ENTRIES PROVIDED Block Start

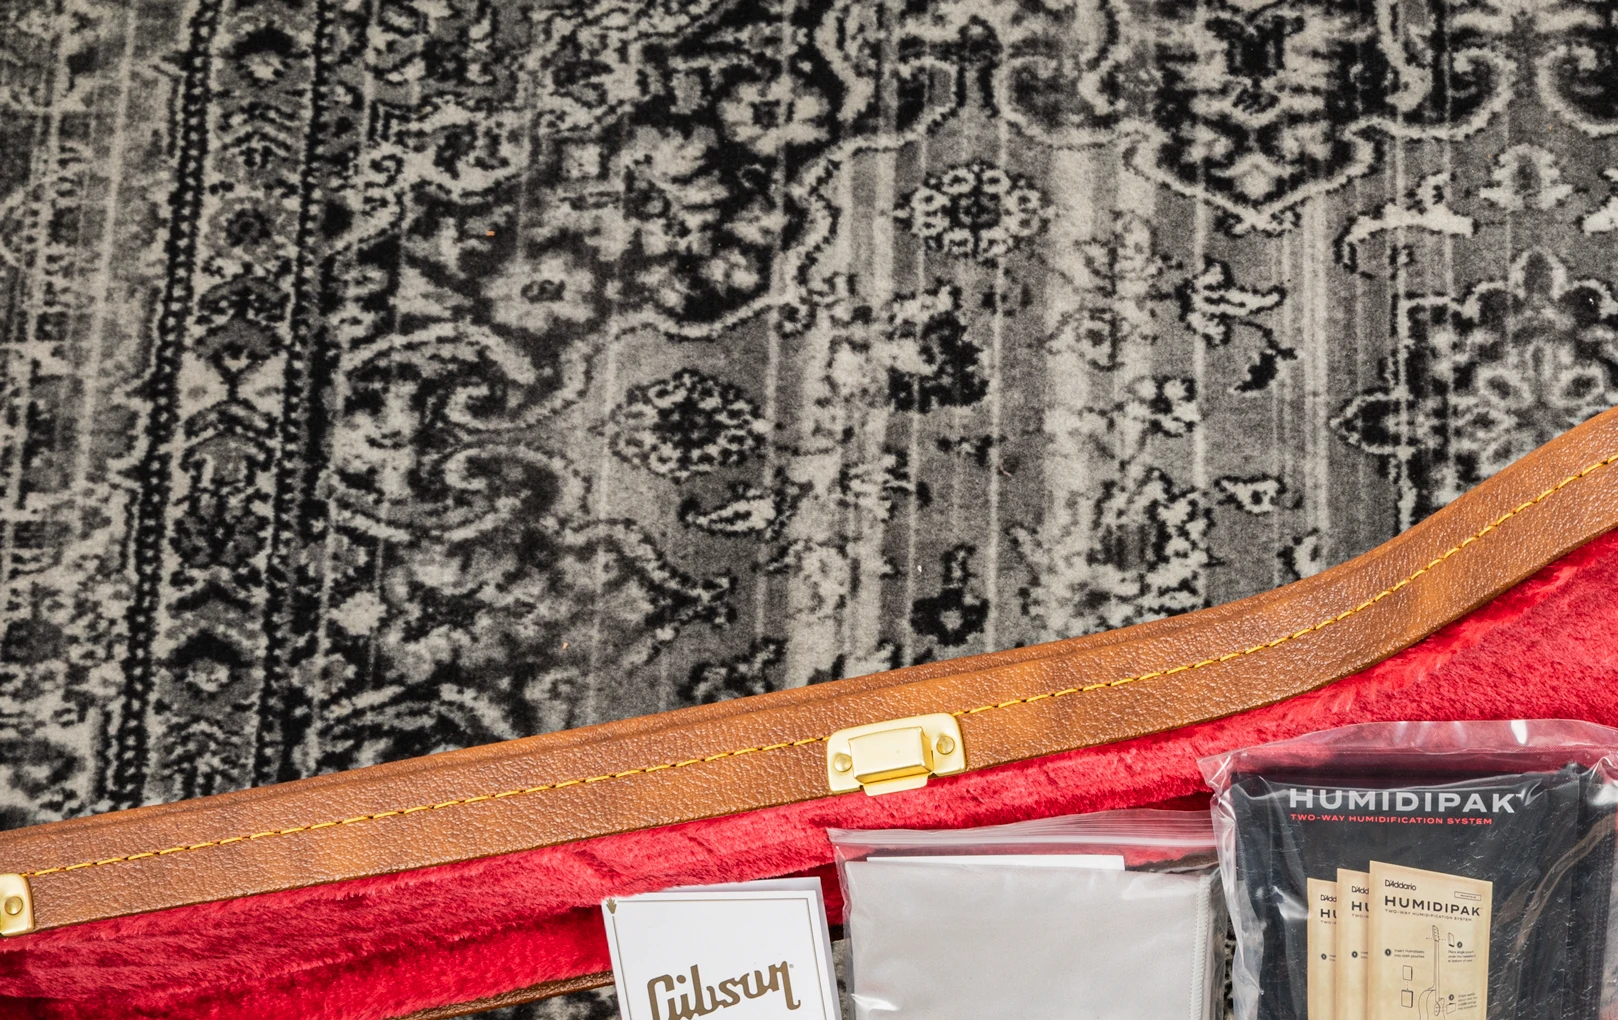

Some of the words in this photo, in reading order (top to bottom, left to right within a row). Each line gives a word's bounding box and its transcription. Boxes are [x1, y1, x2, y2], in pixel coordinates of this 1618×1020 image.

[1289, 787, 1515, 813] HUMIDIPAK
[1290, 813, 1345, 822] TWO-WAY
[1349, 815, 1443, 825] HUMIDIFICATION
[1447, 817, 1493, 825] SYSTEM
[1384, 879, 1417, 891] D'Addario
[1384, 895, 1481, 917] HUMIDIPAK
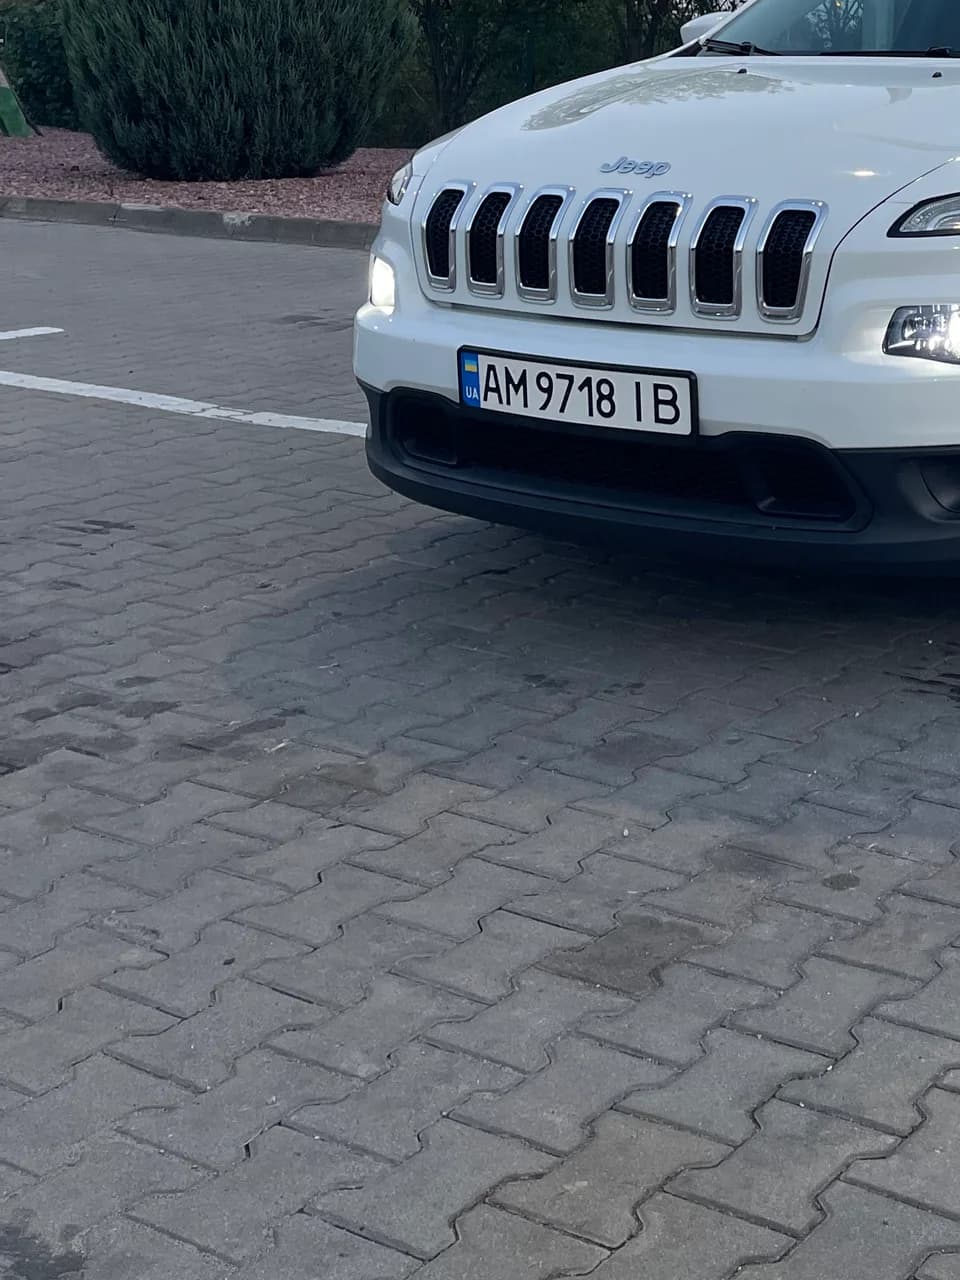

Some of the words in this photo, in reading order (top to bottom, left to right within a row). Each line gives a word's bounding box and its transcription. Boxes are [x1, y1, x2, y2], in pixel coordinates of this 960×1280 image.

[600, 156, 671, 179] Jeep
[465, 385, 479, 400] UA
[635, 381, 681, 425] IB
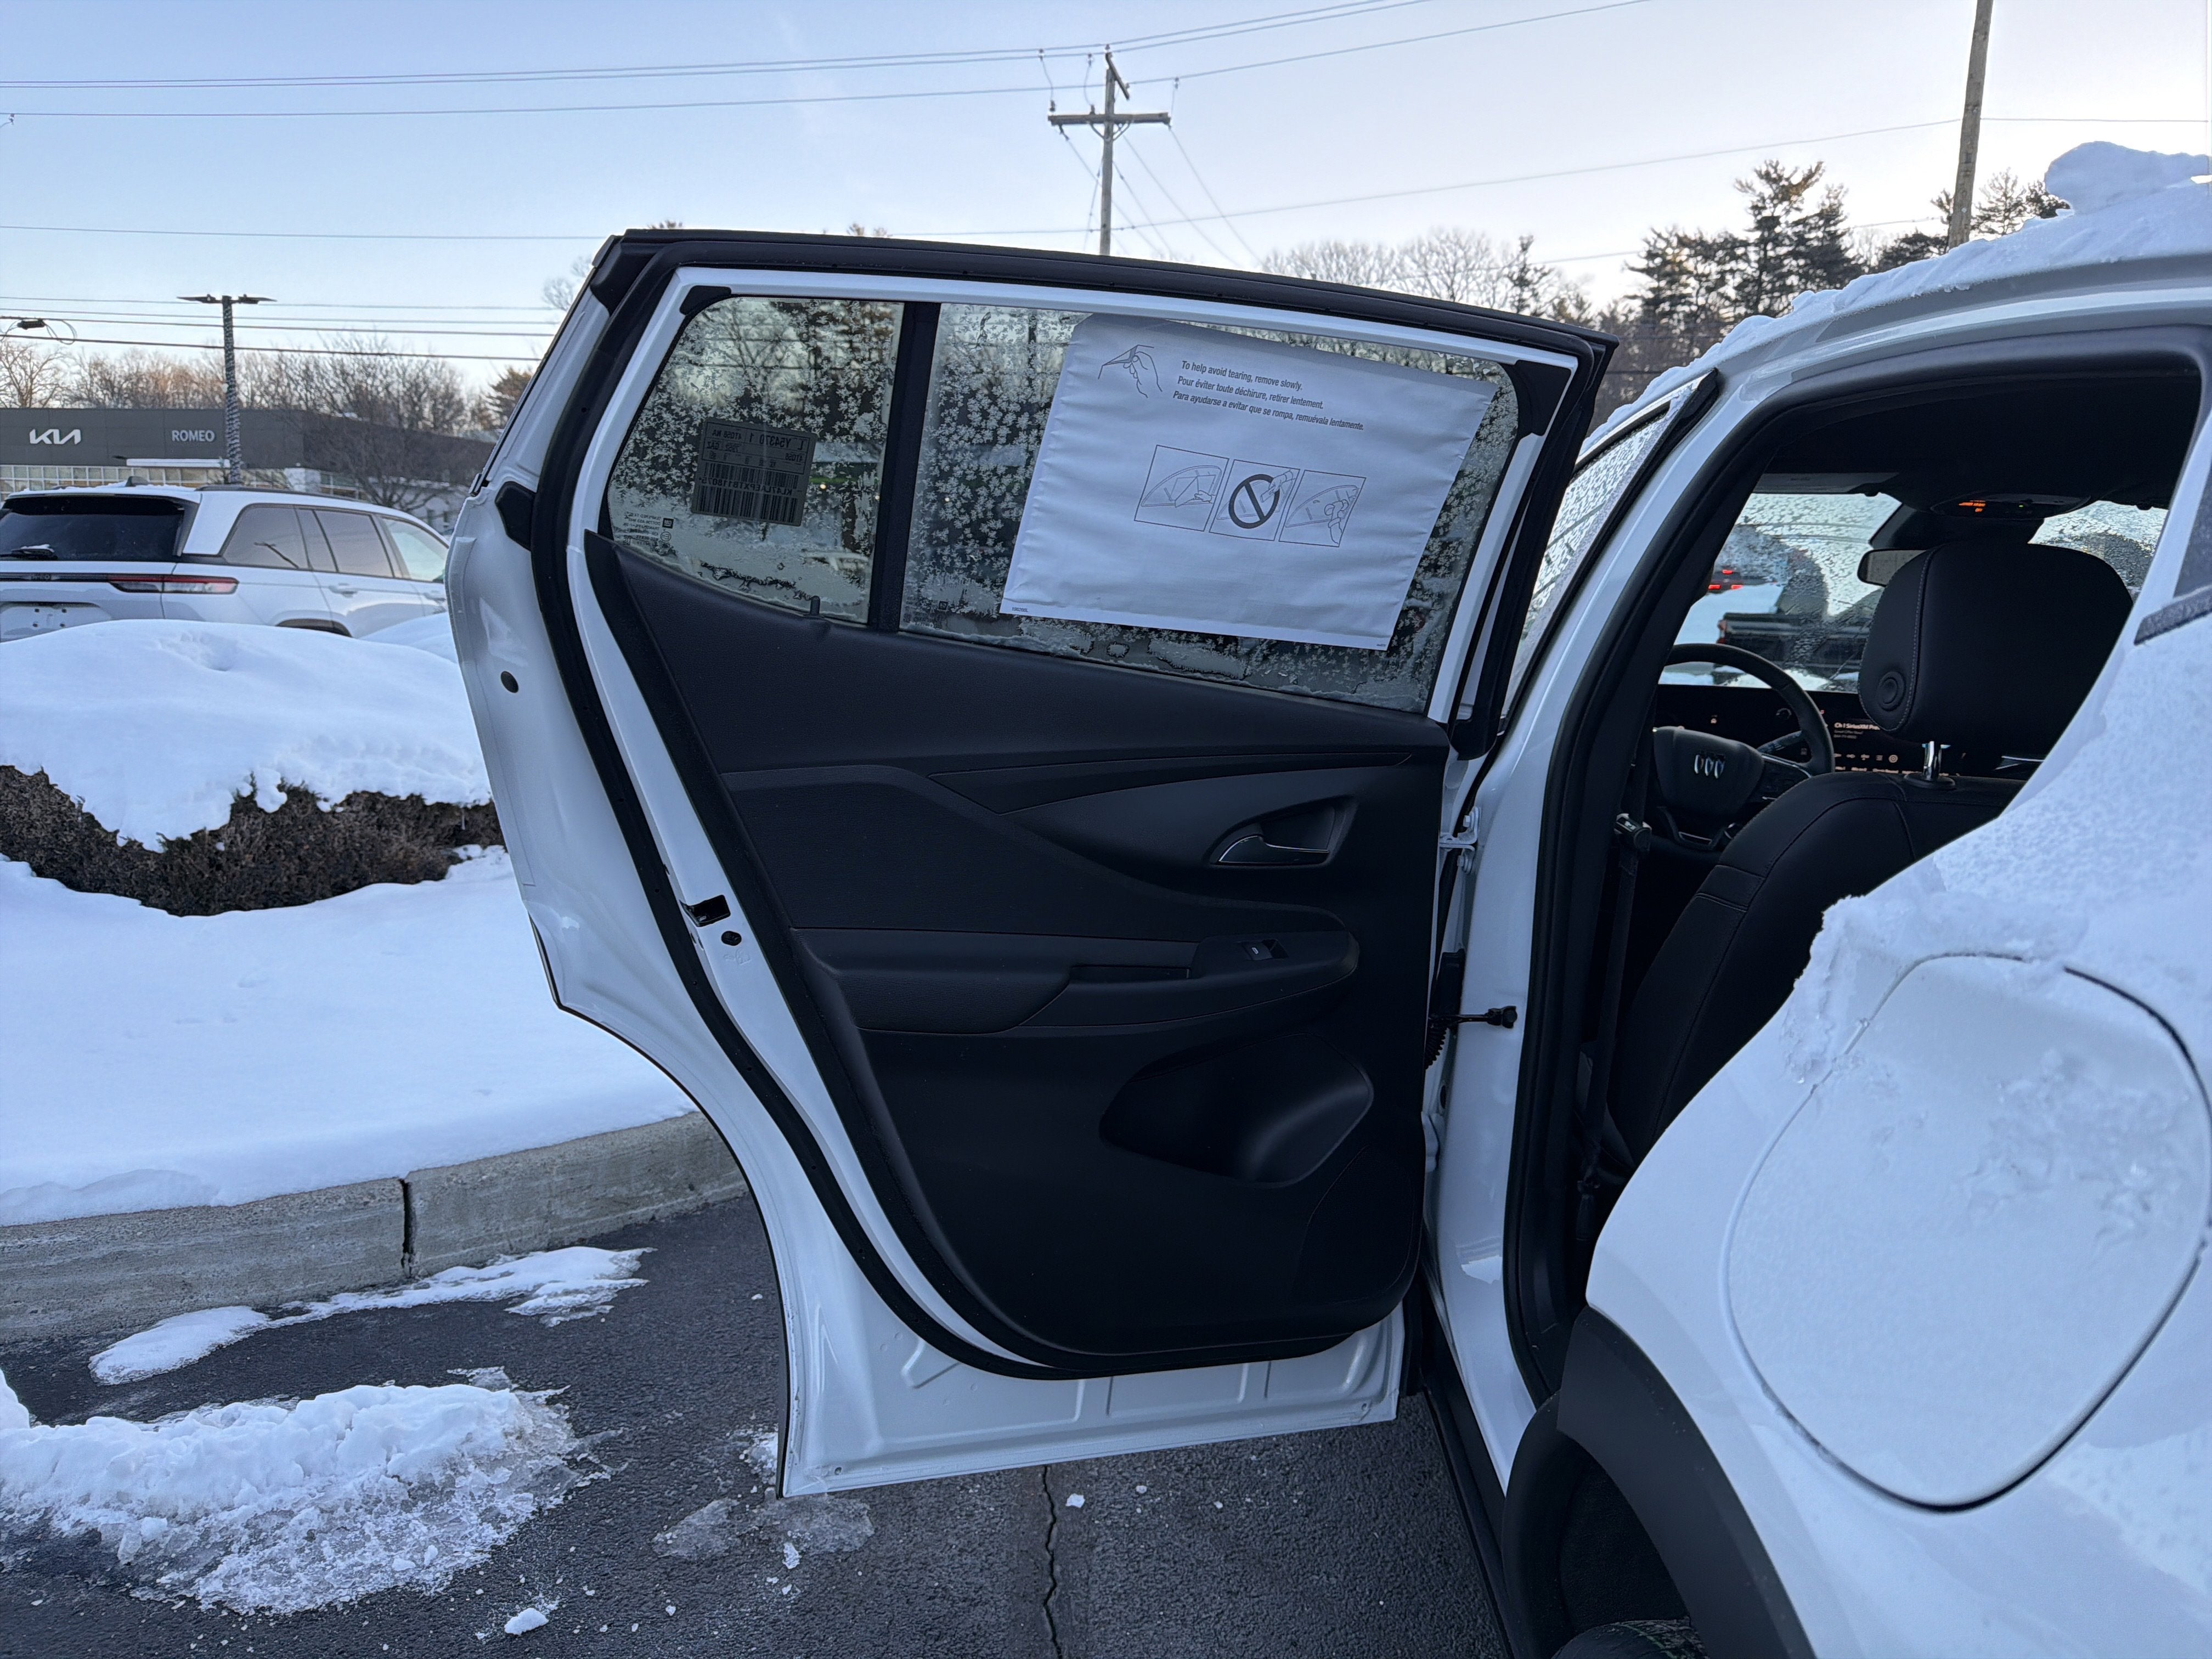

ENTRIES PROVIDED Block End

*INSTRUCTIONS TO FOLLOW*. Copy exactly, and copy nothing else: the lines from the one containing "this 960×1280 image." through the end of the data, both ends included, with pictures left out.

*TASK ANSWER*.
Some of the words in this photo, in reading order (top to bottom, left to right within a row). Each line gives a word's bounding box and its transcription. Boxes are [x1, y1, x2, y2], in pixel coordinates of this 960×1280 image.

[600, 156, 671, 179] Jeep
[465, 385, 479, 400] UA
[635, 381, 681, 425] IB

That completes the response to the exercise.